Dungeon – ep 3 – Meu desagravo a Bell Cranell
[sc:review nota=4]
Quando assisti o primeiro episódio, fiquei incomodado com o harém que se formava a olhos vistos, e continua ativo e em nutrição até esse episódio, e muito provavelmente continuará até o final da série. Distanciado do episódio por conta disso eu ainda fiquei frustrado ao ver que minha própria pré-concepção de que o gênero primário do anime seria comédia estava errada quando no final do episódio o protagonista, o Bell Cranell do título desse artigo, movido por insatisfação consigo próprio engole todos os insultos que ouve de um membro da família Lóki, por saber que no fundo ele estava certo, e em insana determinação corre até a dungeon de onde só sai pela manhã fatigado e ferido, mas com muita experiência ganha.
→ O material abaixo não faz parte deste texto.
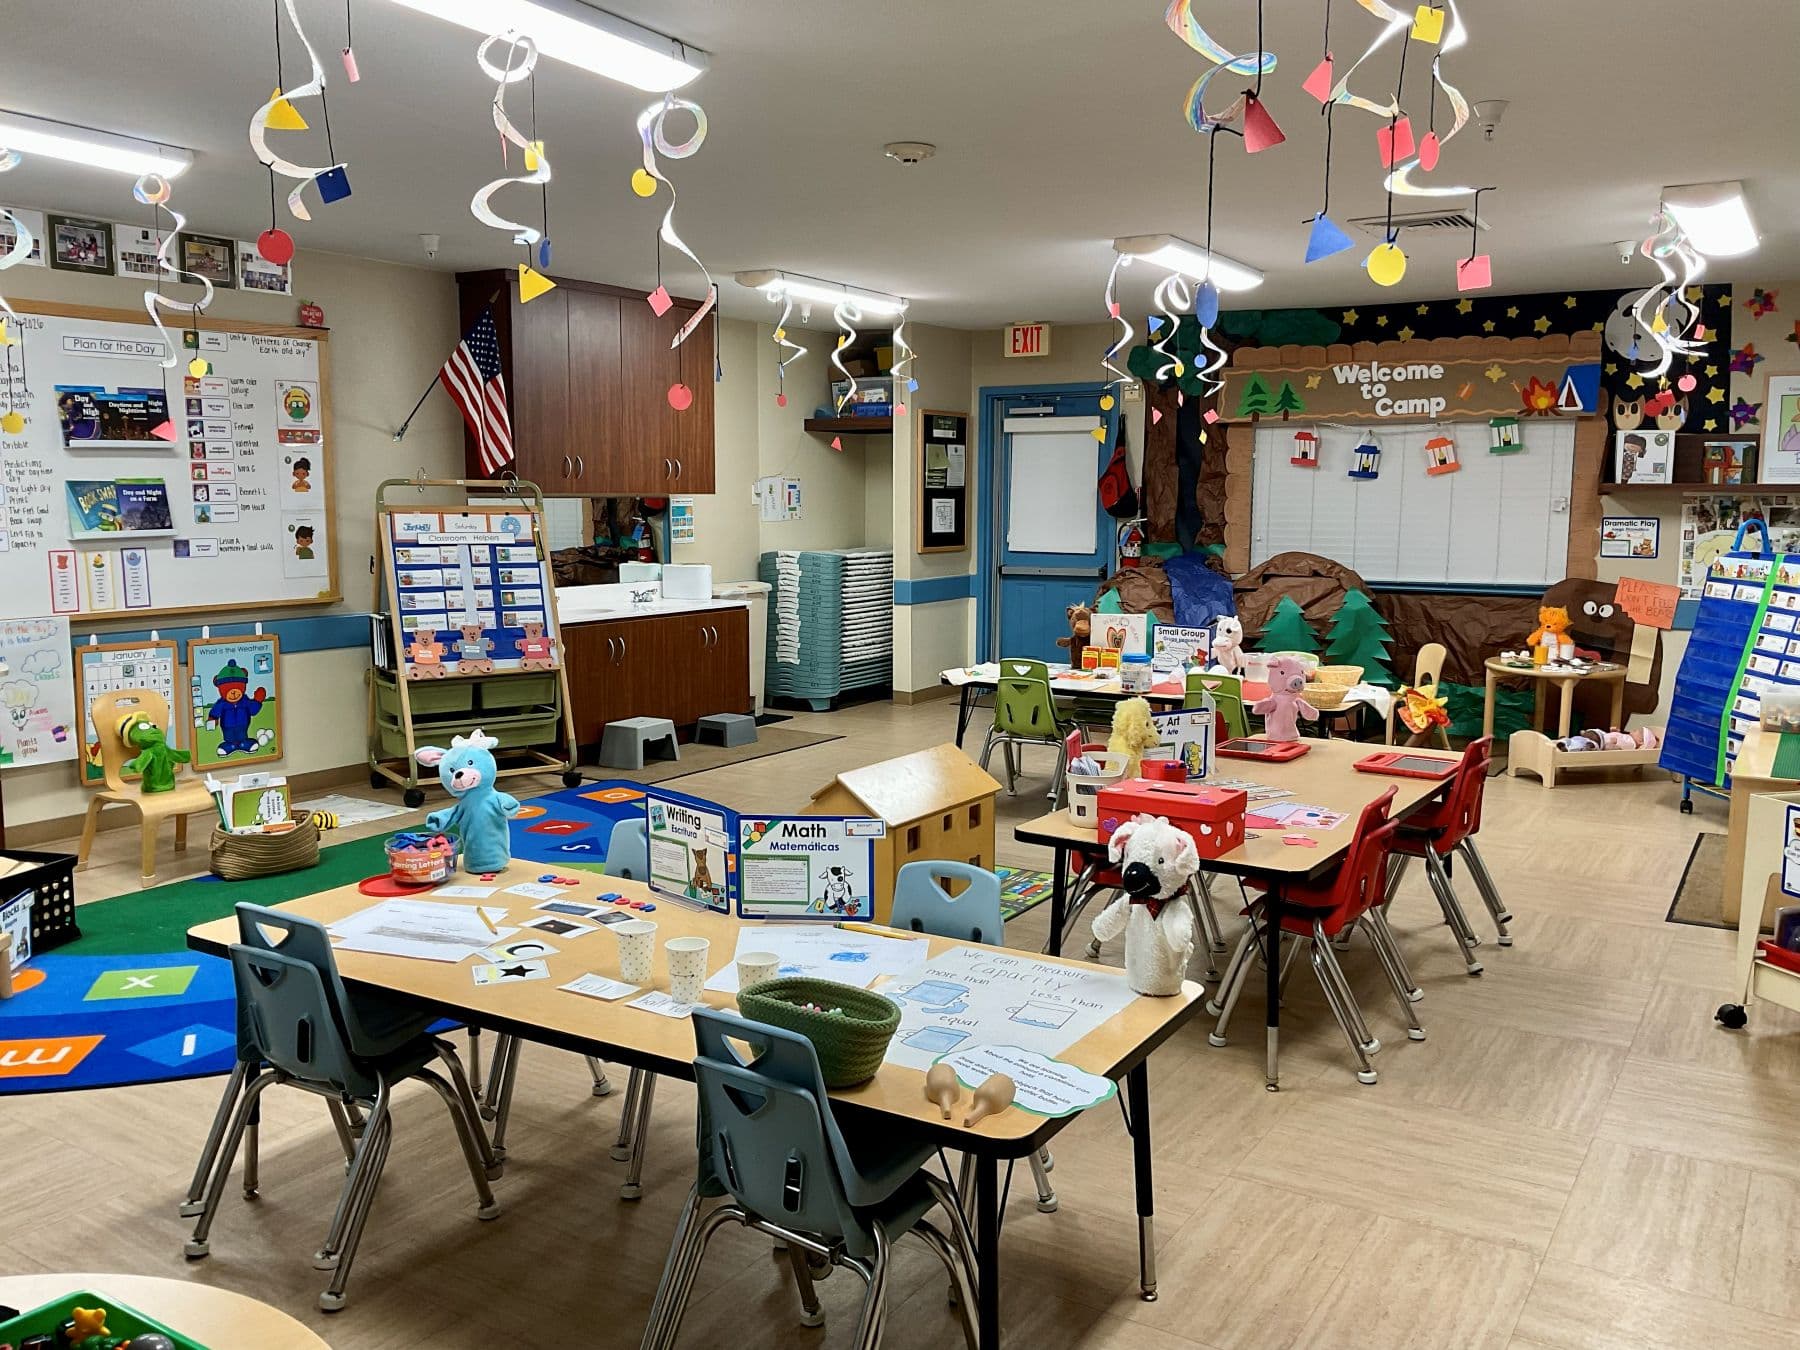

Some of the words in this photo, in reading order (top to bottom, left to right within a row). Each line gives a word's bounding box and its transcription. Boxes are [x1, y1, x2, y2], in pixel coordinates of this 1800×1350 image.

[74, 339, 97, 350] Plan
[100, 341, 113, 351] for
[116, 343, 133, 352] the
[136, 343, 155, 354] Day
[1013, 326, 1043, 353] EXIT
[1332, 361, 1445, 384] Welcome
[1360, 383, 1387, 400] to
[74, 395, 90, 403] Day
[83, 408, 100, 417] Nigh
[1375, 397, 1447, 418] Camp
[146, 489, 163, 497] Night
[1640, 520, 1656, 528] Play
[428, 534, 467, 542] Classroom
[1158, 627, 1179, 636] Small
[1181, 629, 1206, 638] Group
[112, 651, 147, 661] January
[238, 645, 269, 653] Weather?
[1166, 716, 1180, 726] Art
[666, 805, 702, 831] Writing
[671, 824, 697, 840] Escritura
[781, 823, 827, 838] Math
[769, 841, 840, 851] Matemáticas
[962, 949, 985, 960] We
[992, 955, 1019, 967] can
[1032, 963, 1091, 981] measure
[926, 968, 957, 979] more
[963, 974, 991, 986] than
[971, 962, 1072, 991] Capacity
[939, 1014, 979, 1027] equal
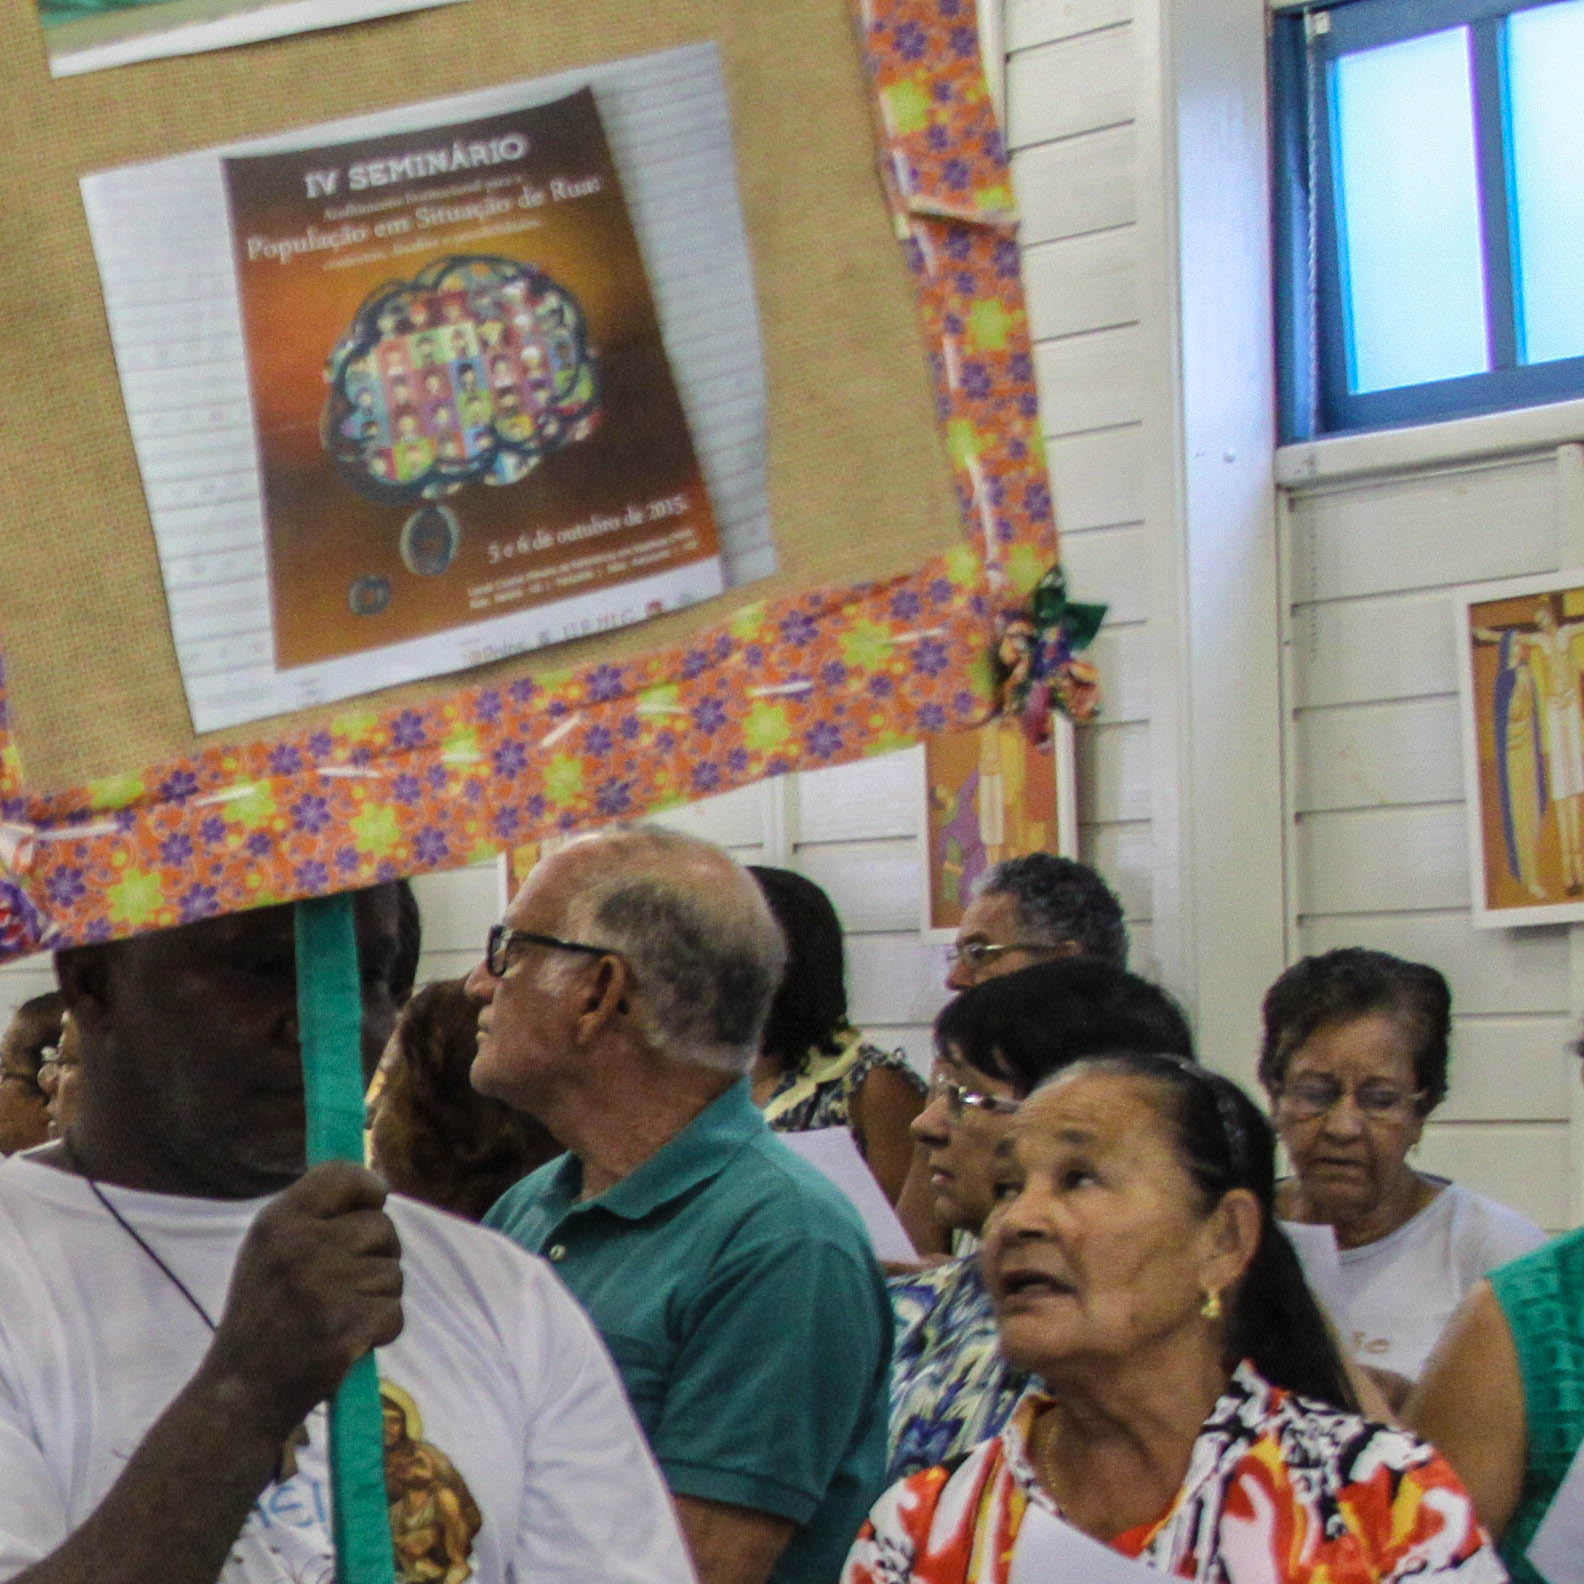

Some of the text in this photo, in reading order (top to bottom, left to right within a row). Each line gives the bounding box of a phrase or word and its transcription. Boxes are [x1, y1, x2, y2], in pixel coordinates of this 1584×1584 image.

Desde então não dei muita atenção ao protagonista e o tinha em baixa estima. No artigo sobre o segundo episódio eu comecei a reconhecer os méritos da Héstia, mas isso foi fácil dado que eu não tinha nada contra ela. Depois desse terceiro episódio percebi que o Bell é sim um bom personagem, pelo menos tanto quanto sua deusa, e que ele não se transformou nisso desde o primeiro episódio até esse: eu é que o interpretei mal pelo conjunto de fatos acima elencados, que explicam, mas não justificam, o descaso com o qual eu até então tratava o protagonista de Dungeon, Bell Cranell.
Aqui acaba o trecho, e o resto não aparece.